Task to complete:
Pictures must be kept out of the copy. Every entry is to be duplicated exactly.
==*==
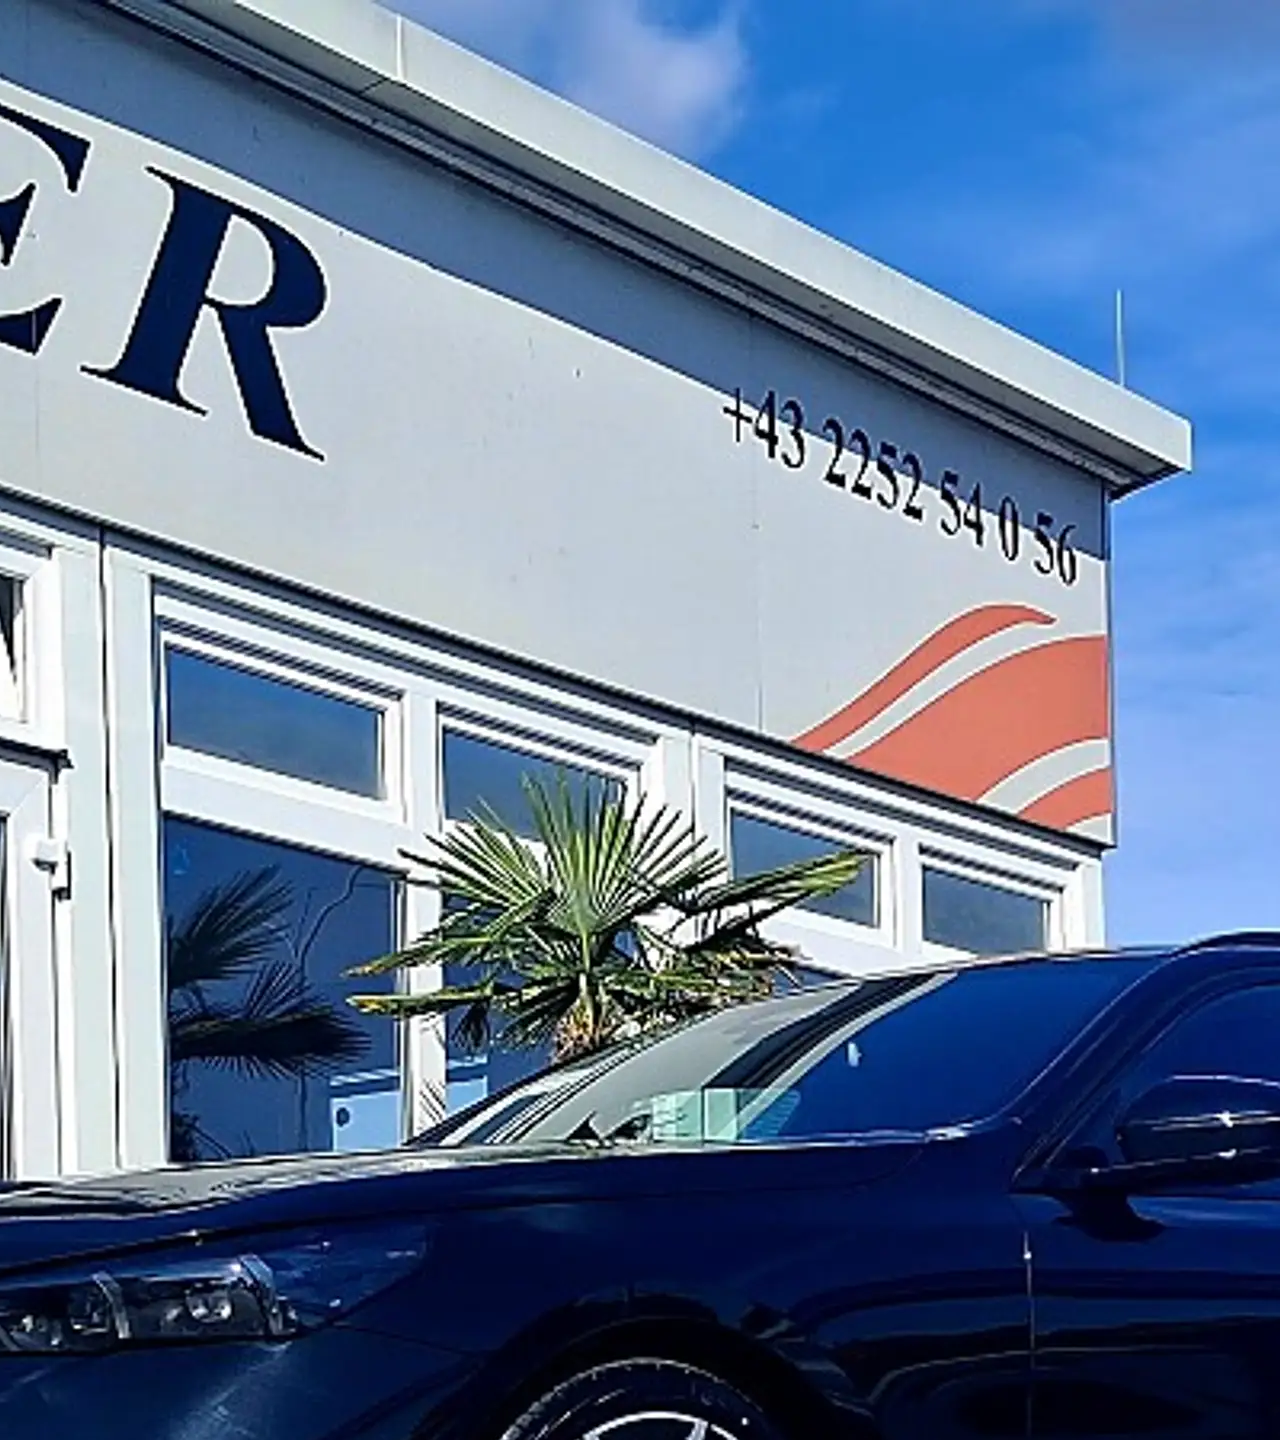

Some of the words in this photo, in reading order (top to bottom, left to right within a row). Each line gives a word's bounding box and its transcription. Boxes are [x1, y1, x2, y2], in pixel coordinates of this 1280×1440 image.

[722, 387, 806, 469] +43
[823, 417, 924, 523] 2252
[940, 468, 984, 548] 54
[998, 496, 1020, 561] 0
[1034, 511, 1078, 587] 56
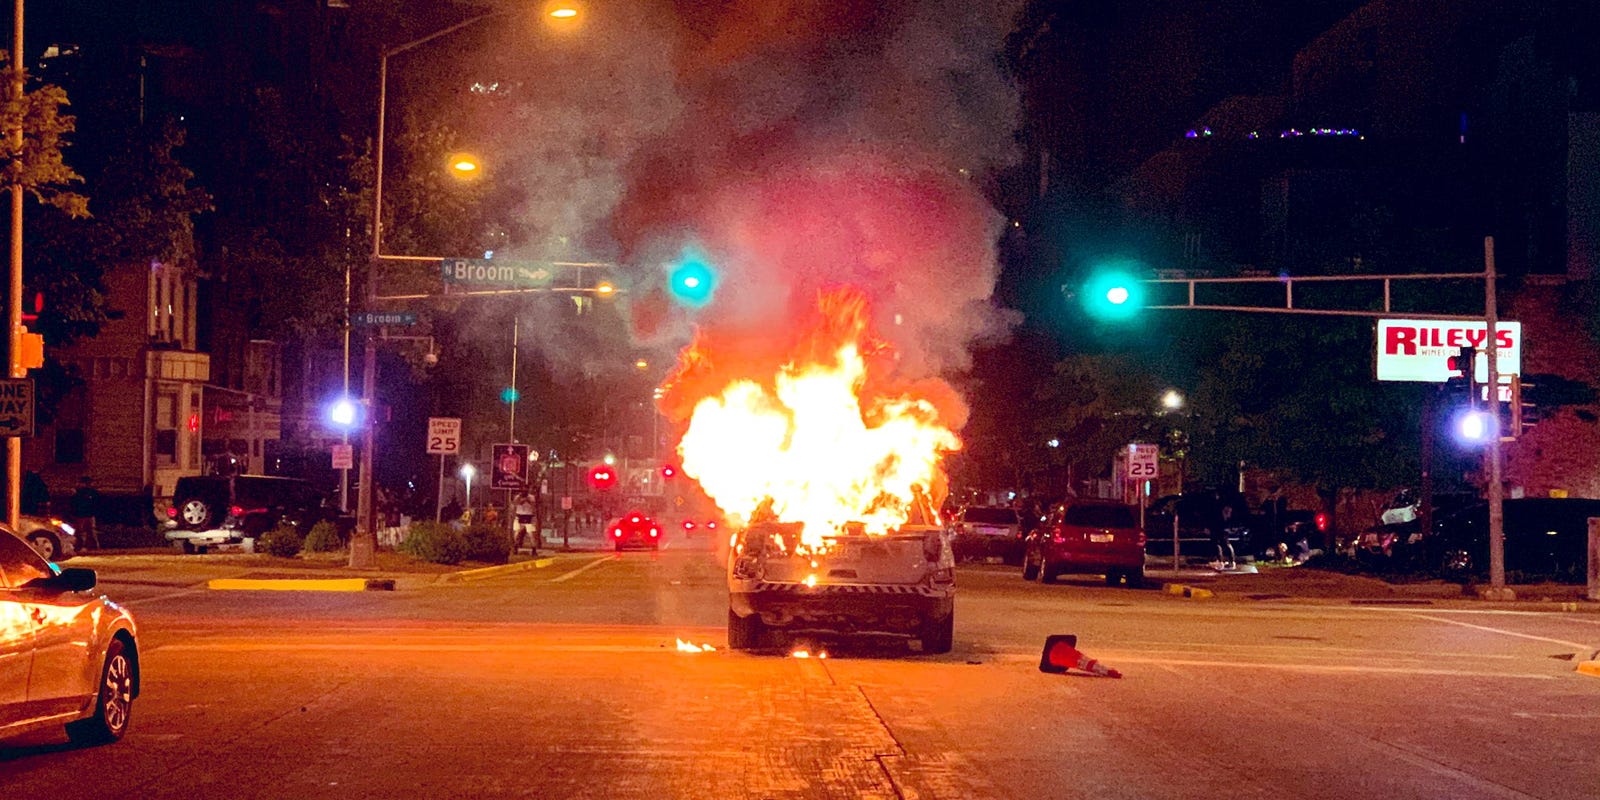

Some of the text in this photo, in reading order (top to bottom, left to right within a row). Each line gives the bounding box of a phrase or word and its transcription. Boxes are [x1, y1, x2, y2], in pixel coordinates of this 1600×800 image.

[444, 261, 514, 281] N Broom
[366, 313, 401, 324] Broom
[1385, 326, 1514, 355] RILEYS
[1421, 349, 1446, 357] WINES
[0, 384, 27, 398] NE
[430, 437, 457, 451] 25
[1131, 463, 1155, 475] 25
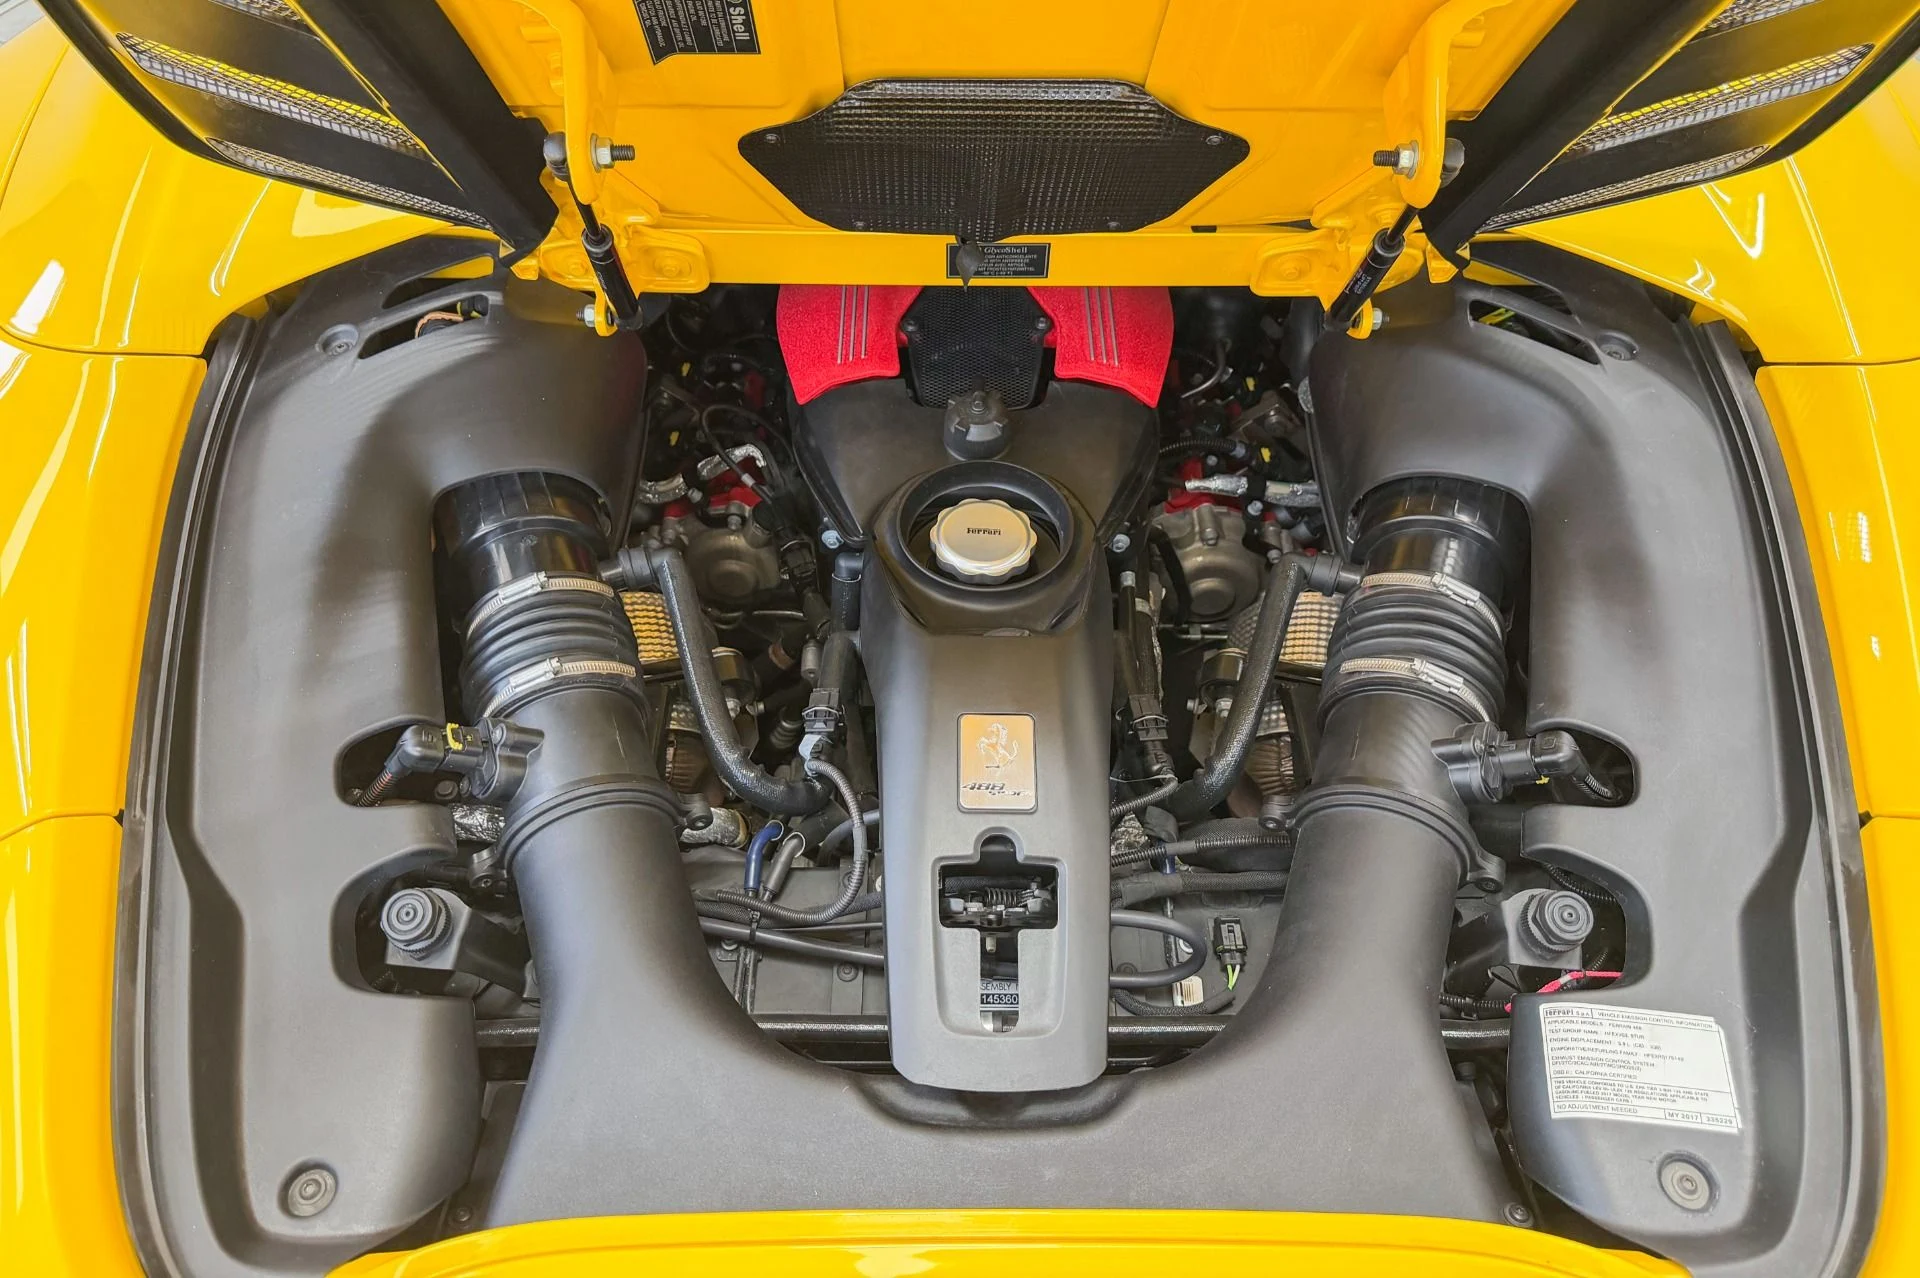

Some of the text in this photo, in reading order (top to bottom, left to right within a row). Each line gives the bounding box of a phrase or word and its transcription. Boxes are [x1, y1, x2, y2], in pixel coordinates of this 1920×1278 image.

[730, 6, 750, 40] Shell
[966, 528, 1001, 536] Ferrari
[962, 782, 1006, 790] 488
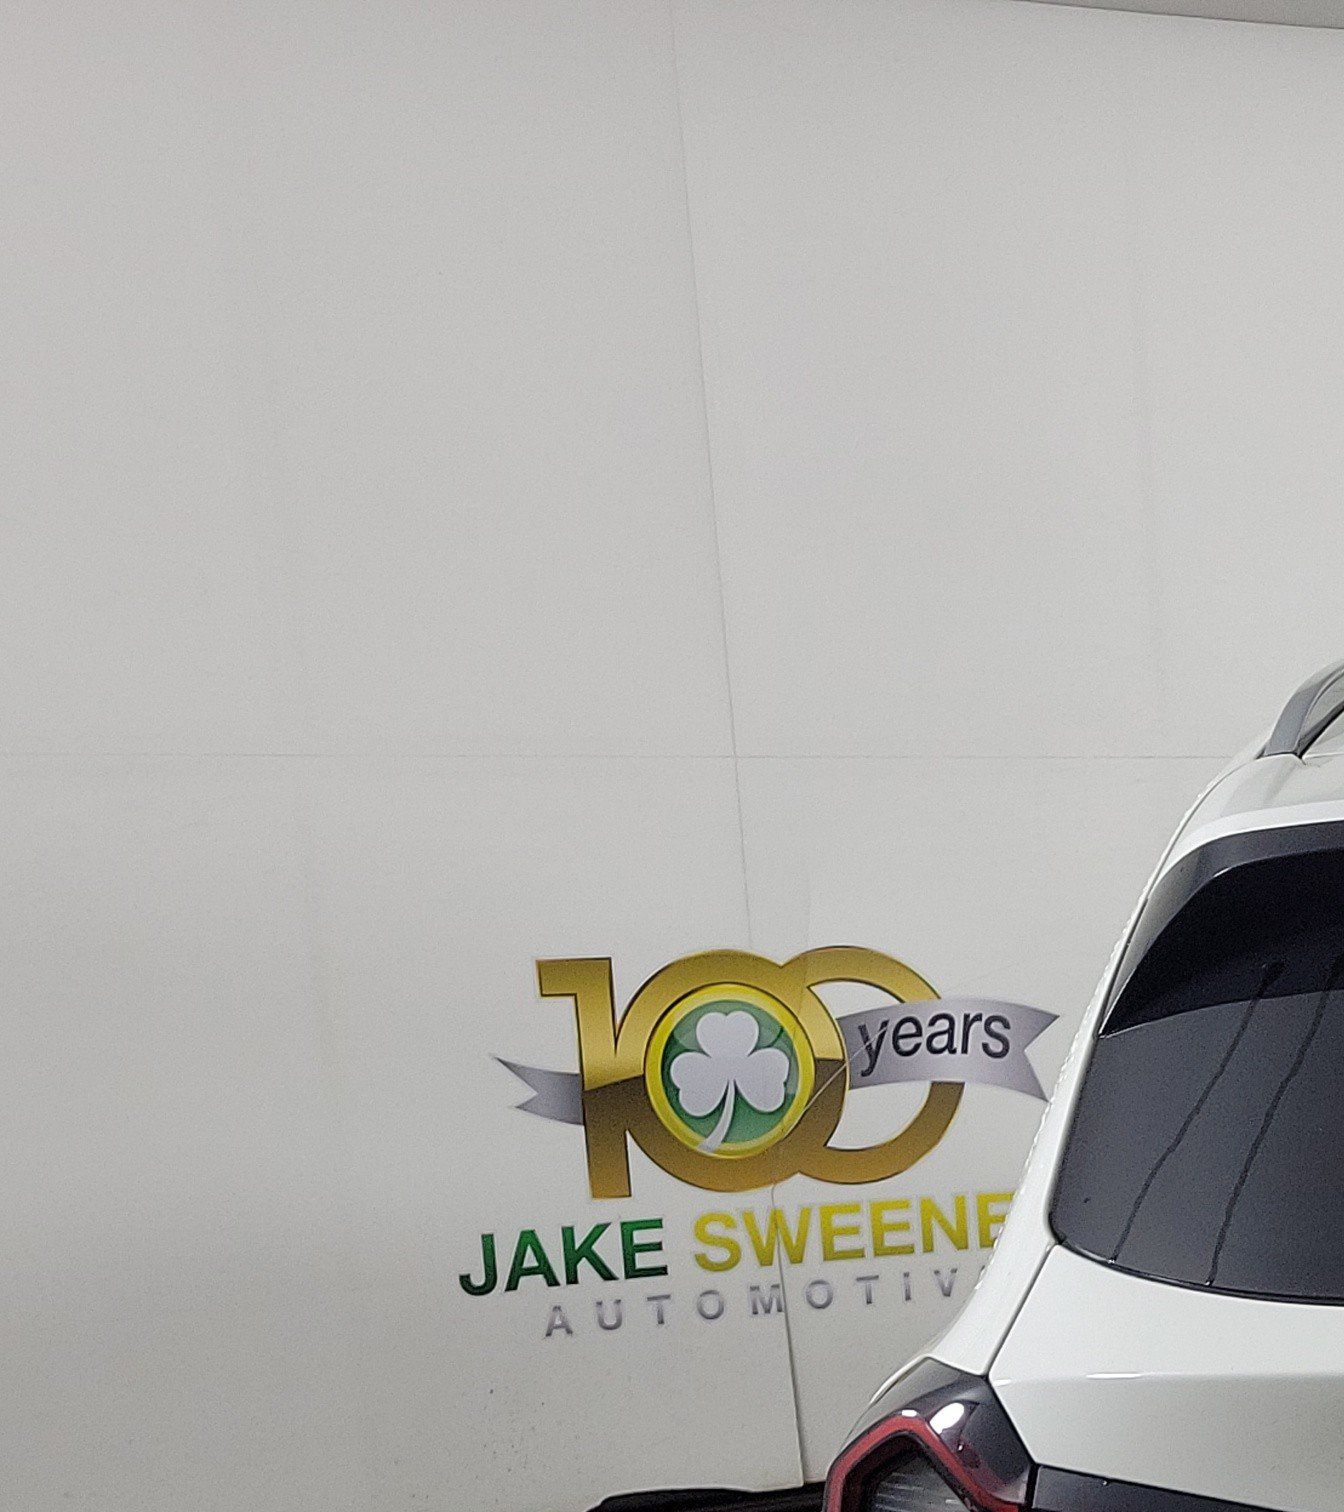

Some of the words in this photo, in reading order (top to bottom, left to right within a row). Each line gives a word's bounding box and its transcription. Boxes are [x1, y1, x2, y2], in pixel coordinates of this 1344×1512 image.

[536, 946, 964, 1199] 100
[859, 1011, 1011, 1076] years
[458, 1219, 668, 1296] JAKE
[693, 1191, 1015, 1272] SWEENE
[544, 1264, 985, 1337] AUTOMOTIV
==*==
Solution to this problem:
Some of the words in this photo, in reading order (top to bottom, left to right within a row). Each line gives a word's bounding box and its transcription. Boxes are [x1, y1, x2, y2], in pixel coordinates of this 1280×1440 image.

[722, 387, 806, 469] +43
[823, 417, 924, 523] 2252
[940, 468, 984, 548] 54
[998, 496, 1020, 561] 0
[1034, 511, 1078, 587] 56

Some of the text in this photo, in reading order (top to bottom, left to right within a row). Each line gives the bounding box of a phrase or word and its transcription. Boxes are [x1, y1, x2, y2], in pixel coordinates of this 1600×800 image.

[444, 261, 514, 281] N Broom
[366, 313, 401, 324] Broom
[1385, 326, 1514, 355] RILEYS
[1421, 349, 1446, 357] WINES
[0, 384, 27, 398] NE
[430, 437, 457, 451] 25
[1131, 463, 1155, 475] 25

Some of the text in this photo, in reading order (top to bottom, left to right within a row). Each line gives the bounding box of a phrase or word and its transcription. Boxes are [x1, y1, x2, y2], in pixel coordinates of this 1920×1278 image.

[730, 6, 750, 40] Shell
[966, 528, 1001, 536] Ferrari
[962, 782, 1006, 790] 488

Some of the words in this photo, in reading order (top to bottom, left to right within a row). Each line gives a word's bounding box and its transcription. Boxes are [x1, y1, x2, y2], in pixel coordinates of this 1344×1512 image.

[536, 946, 964, 1199] 100
[859, 1011, 1011, 1076] years
[458, 1219, 668, 1296] JAKE
[693, 1191, 1015, 1272] SWEENE
[544, 1264, 985, 1337] AUTOMOTIV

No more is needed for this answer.